Goal of the exercise –
Omit every picture and output the rest of the records exactly as they are.

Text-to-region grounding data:
──────────────────────────────

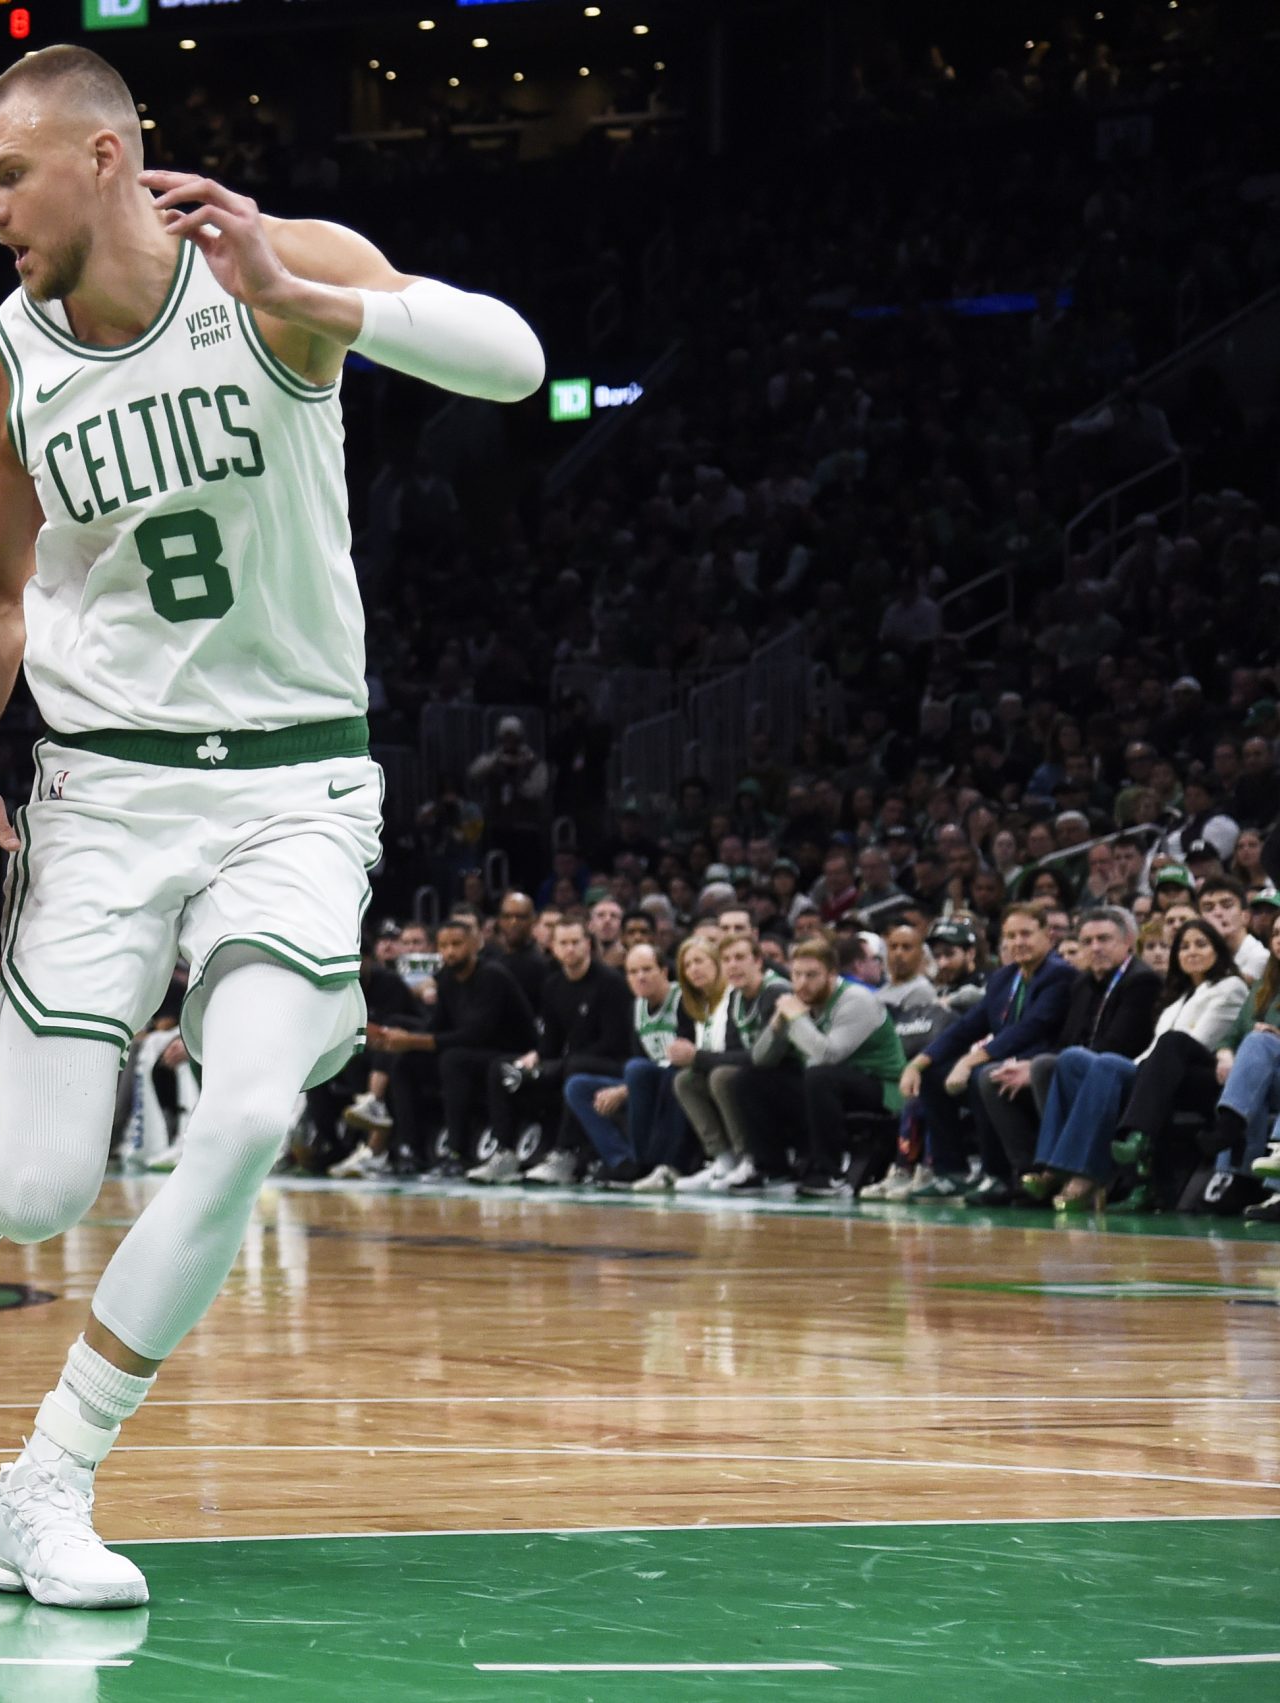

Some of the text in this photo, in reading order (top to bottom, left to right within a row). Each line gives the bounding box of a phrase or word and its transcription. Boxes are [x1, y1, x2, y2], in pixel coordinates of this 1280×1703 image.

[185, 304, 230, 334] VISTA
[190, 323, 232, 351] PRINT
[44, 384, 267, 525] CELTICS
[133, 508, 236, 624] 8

──────────────────────────────

Task output –
Some of the text in this photo, in reading order (top to bottom, left to right within a row). Each line gives the bounding box of a phrase or word and its transcription. Boxes are [x1, y1, x2, y2], in pixel coordinates of this 1280×1703 image.

[185, 304, 230, 334] VISTA
[190, 323, 232, 351] PRINT
[44, 384, 267, 525] CELTICS
[133, 508, 236, 624] 8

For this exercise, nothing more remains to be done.